The Great Migration and Implicit Bias in the Northern United States
Heidi Vuletich, Nicolas Sommet & Keith Payne
Social Psychological and Personality Science, forthcoming 

Abstract:

The spatial patterning of present-day racial bias in Southern states is predicted by the prevalence of slavery in 1860 and the structural inequalities that followed. Here we extend the investigation of the historical roots of implicit bias to areas outside the South by tracing the Great Migration of Black southerners to Northern and Western states. We found that the proportion of Black residents in each county (N = 1,981 counties) during the years of the Great Migration (1900–1950) was significantly associated with greater implicit bias among White residents today. The association was statistically explained by measures of structural inequalities. Results parallel the pattern seen in Southern states but reflect population changes that occurred decades later as cities reacted to larger Black populations. These findings suggest that implicit biases reflect structural inequalities and the historical conditions that produced them.

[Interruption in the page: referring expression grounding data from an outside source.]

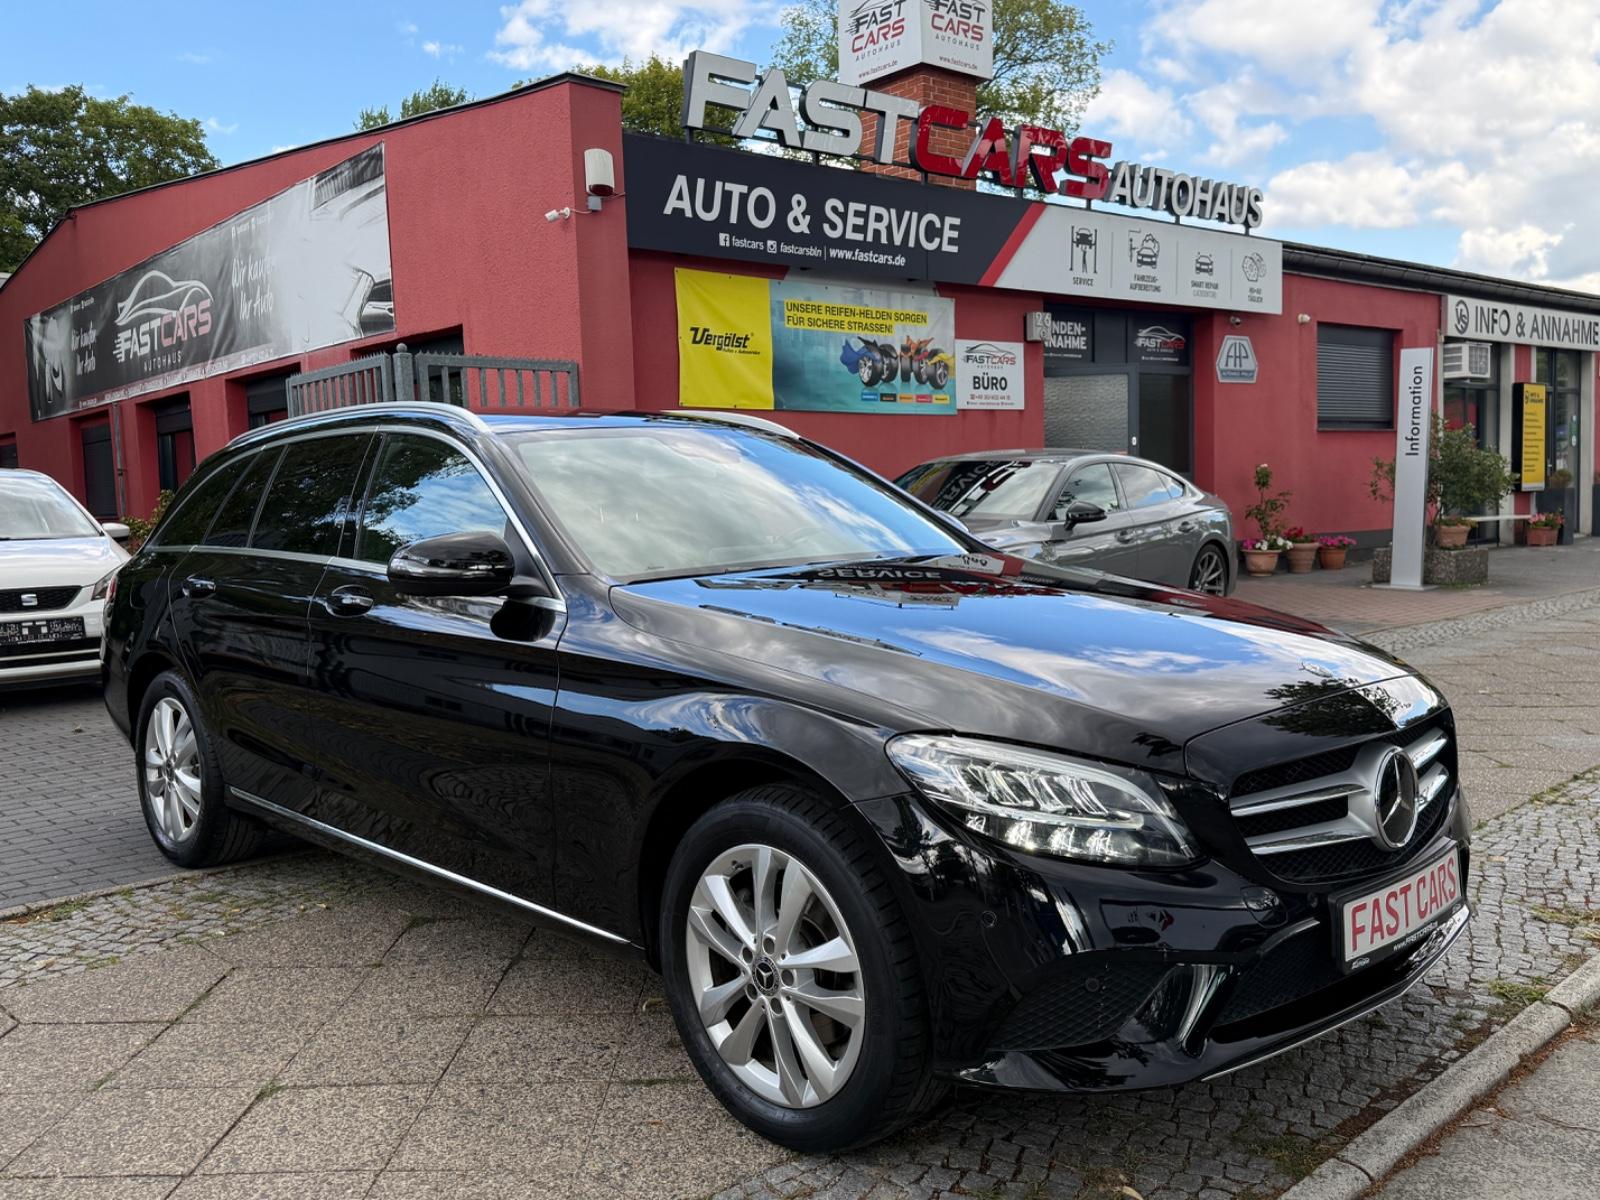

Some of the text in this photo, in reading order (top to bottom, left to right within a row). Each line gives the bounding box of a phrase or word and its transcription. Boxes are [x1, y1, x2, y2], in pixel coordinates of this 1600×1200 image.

[851, 0, 906, 34] FAST
[933, 0, 986, 23] FAST
[852, 18, 905, 53] CARS
[931, 13, 984, 42] CARS
[855, 41, 901, 62] AUTOHAUS
[935, 33, 980, 51] AUTOHAUS
[858, 59, 899, 79] www.fastcars.de
[938, 54, 978, 71] www.fastcars.de
[1109, 161, 1264, 229] AUTOHAUS
[662, 174, 962, 253] AUTO & SERVICE
[732, 235, 765, 251] fastcars
[829, 247, 907, 267] www.fastcars.de
[1072, 276, 1094, 287] SERVICE
[785, 301, 928, 324] UNSERE REIFEN-HELDEN SORGEN
[786, 314, 893, 334] FÜR SICHERE STRASSEN!
[1475, 305, 1511, 336] INFO
[1515, 311, 1526, 338] &
[1529, 313, 1599, 345] ANNAHME
[689, 326, 751, 351] Vergölst
[143, 350, 183, 372] AUTOHAUS
[972, 371, 1008, 391] BÜRO
[1405, 366, 1423, 456] Information
[1350, 883, 1412, 952] FAST
[1416, 856, 1457, 920] CARS
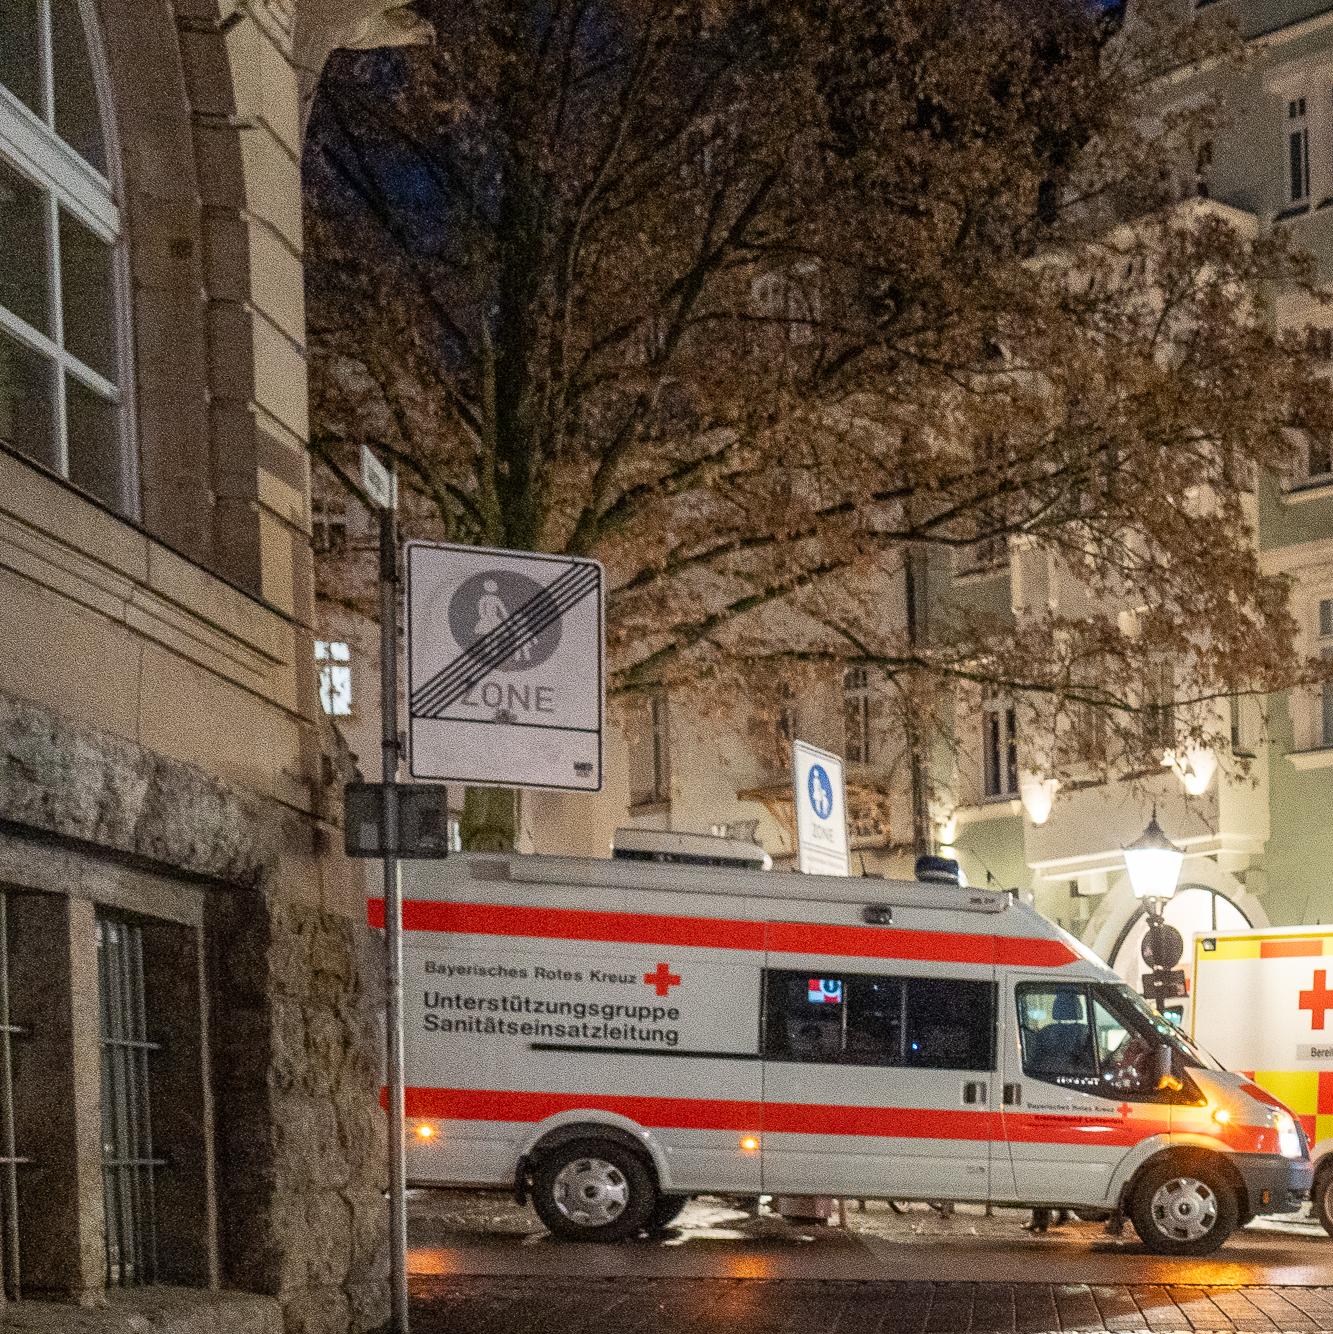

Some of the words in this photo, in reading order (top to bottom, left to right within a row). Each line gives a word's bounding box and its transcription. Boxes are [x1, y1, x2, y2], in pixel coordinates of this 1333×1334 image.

[461, 679, 554, 713] ZONE
[424, 961, 528, 980] Bayerisches
[534, 967, 584, 982] Rotes
[590, 970, 637, 985] Kreuz
[422, 991, 680, 1022] Unterstützungsgruppe
[422, 1013, 680, 1046] Sanitätseinsatzleitung

The genetic legacy of African Americans from Catoctin Furnace
Éadaoin Harney et al.
Science, 4 August 2023 

Abstract:

Few African Americans have been able to trace family lineages back to ancestors who died before the 1870 United States Census, the first in which all Black people were listed by name. We analyzed 27 individuals from Maryland’s Catoctin Furnace African American Cemetery (1774–1850), identifying 41,799 genetic relatives among consenting research participants in 23andMe, Inc.’s genetic database. One of the highest concentrations of close relatives is in Maryland, suggesting that descendants of the Catoctin individuals remain in the area. We find that many of the Catoctin individuals derived African ancestry from the Wolof or Kongo groups and European ancestry from Great Britain and Ireland. This study demonstrates the power of joint analysis of historical DNA and large datasets generated through direct-to-consumer ancestry testing.


“Unlawful Intimacy”: Mixed-Race Families, Miscegenation Law, and the Legal Culture of Progressive Era Mississippi
Kathryn Schumaker
Law and History Review, forthcoming 

Abstract:

This article examines the enforcement of anti-miscegenation law in Progressive Era Mississippi by focusing on a series of unlawful cohabitation prosecutions of interracial couples in Natchez. It situates efforts to police and punish mixed-race families within the broader legal culture of Jim Crow, as politicians, judges, and district attorneys sought stricter enforcement of morals laws, including those barring interracial cohabitation. This article argues that the historic prerogative of white men to choose their sexual and domestic partners undermined the illegality of interracial marriage. Lynching deterred Black men from cohabiting with white women, but prosecutions for “unlawful cohabitation” did not effectively punish white men and Black women who formed lasting partnerships. This article relies on extensive research in local court records that reveal that prosecutions of white men and Black women often resulted in fines and, in many cases, had little effect on these mixed-race families. In Natchez and elsewhere, eugenic ideologies of “white racial purity” were no match for a patriarchal legal culture that gave white men leeway to ignore the law when it suited them, even amid outward denunciations of miscegenation. In Mississippi, many white men did not view relationships between white men and Black women as a clear threat to white supremacy, creating space for some interracial families to survive into the twentieth century.